Brussels (Brussels Morning) Cyprus President Nicos Anastasiades and the President of the de facto state Northern Cyprus Ersin Tatar held a meeting on Tuesday in the UN Buffer Zone in Nicosia. They pledged to support the UN’s Cyprus peace push with Greece, Turkey and the UK, FRI reported.
In a statement, the UN pointed out that the two leaders expressed determination to support UN Secretary-General António Guterres’ commitment to organize an informal five-party summit with Greece, Turkey and the UK. The statement did not specify when further talks would take place.
Anastasiades noted that the two leaders did not go into details but noted that Tatar had expressed willingness to take part in the summit while adding that other ideas should be proposed. The two-hour informal meeting between the two leaders took place at the residence of Elizabeth Spehar, the head of the United Nations Peacekeeping Force in Cyprus (UNFICYP) in the UN Buffer Zone. Anastasiades said he had raised the issue of the Varosha quarter of Famagusta, which Tatar reopened in October. Tatar, he added, in turn raised the issue of hydrocarbons.
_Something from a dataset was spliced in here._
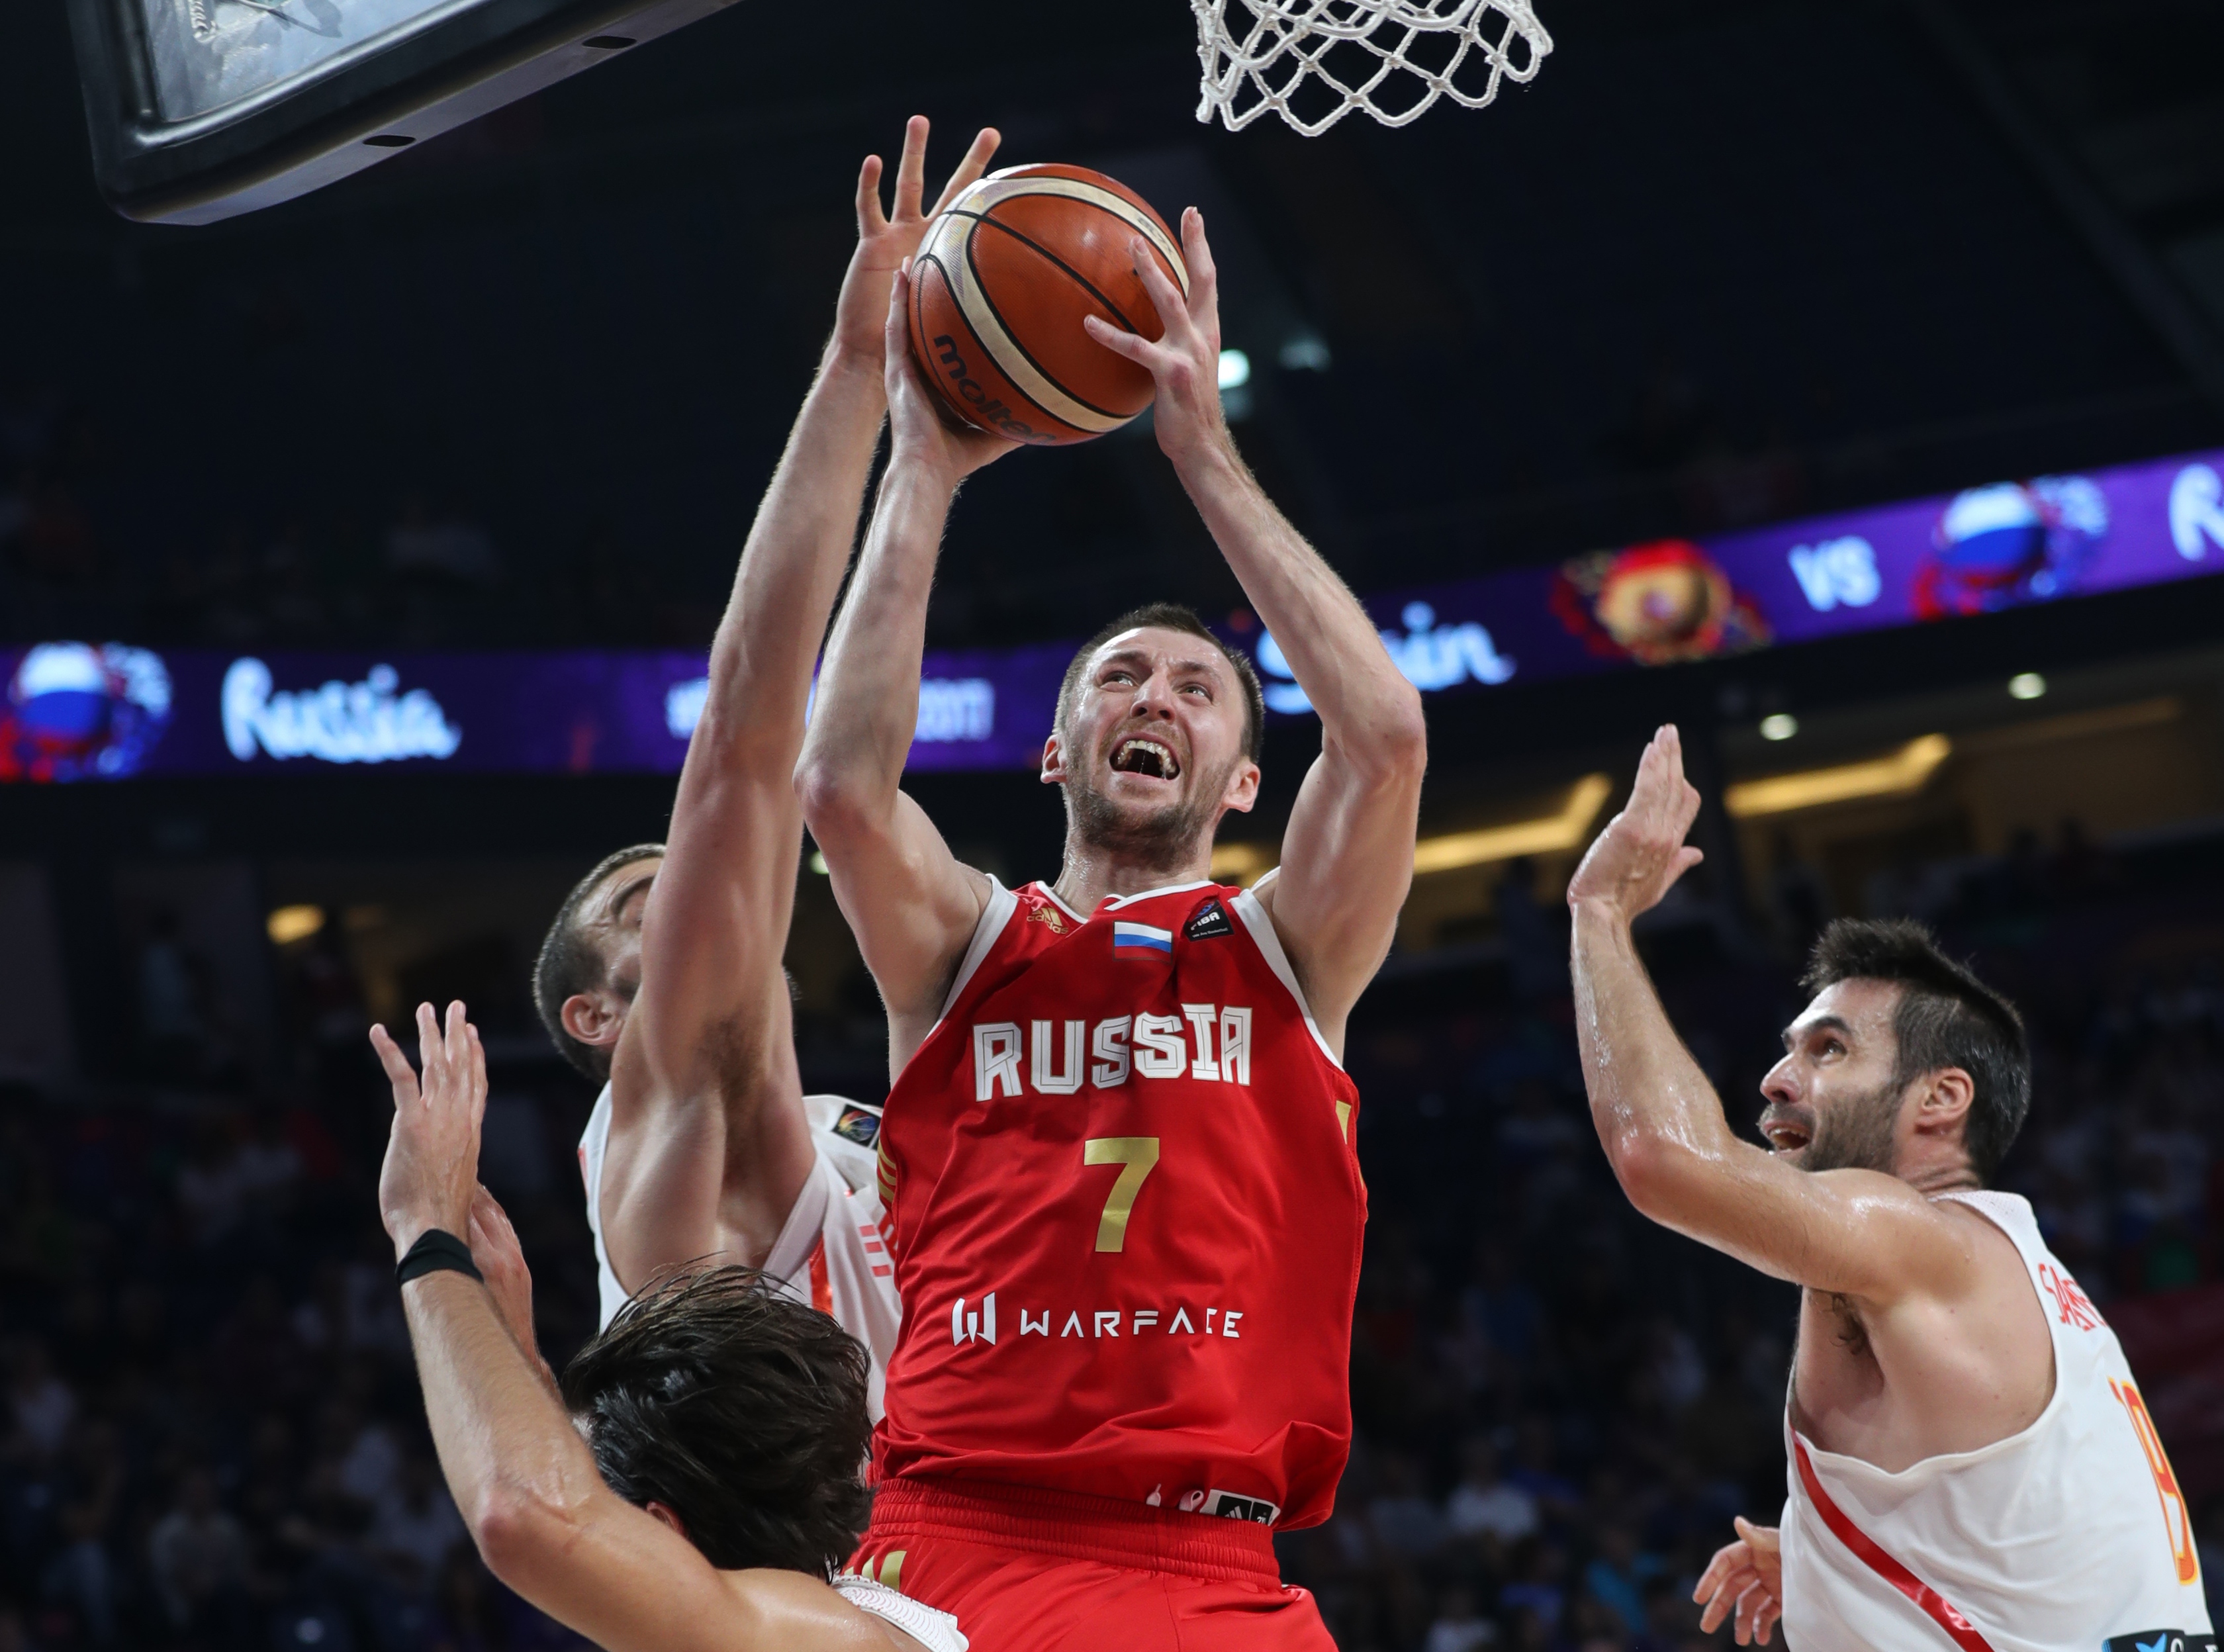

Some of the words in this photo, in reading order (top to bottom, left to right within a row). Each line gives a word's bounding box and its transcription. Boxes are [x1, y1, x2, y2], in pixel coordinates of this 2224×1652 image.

The EU has criticised Turkey for its hydrocarbons exploration in disputed waters in the Eastern Mediterranean, and has warned Ankara against further provocations. Anastasiades previously described the reopening of Varosha as a violation of international law, representing an obstacle to continuation of the peace talks.
The last UN-sponsored Cyprus settlement negotiations were held in Switzerland in July 2017. Cyprus has been divided since the Turkish invasion in 1974. Under the 1960 Treaty of Guarantee, which Cyprus signed to gain independence from UK rule, Greece, Turkey and the UK are the guarantor powers of the island’s sovereignty.
Tatar narrowly won presidential elections against his predecessor Mustafa Akıncı on 18 October, amid heightened tensions over Turkey’s exploration activities in the Eastern Mediterranean. Akıncı supported reunification of the Turkish Cypriot north with the Greek Cypriot south, whereas Tatar advocates a two-state solution. The north depends on Turkey economically and politically and is an important part of Turkey’s strategy in the Eastern Mediterranean.
The division on Cyprus is the main source of friction between Greece and Turkey, two NATO allies entangled in a separate dispute over demarcation of energy exploration rights in the Eastern Mediterranean, Reuters reports.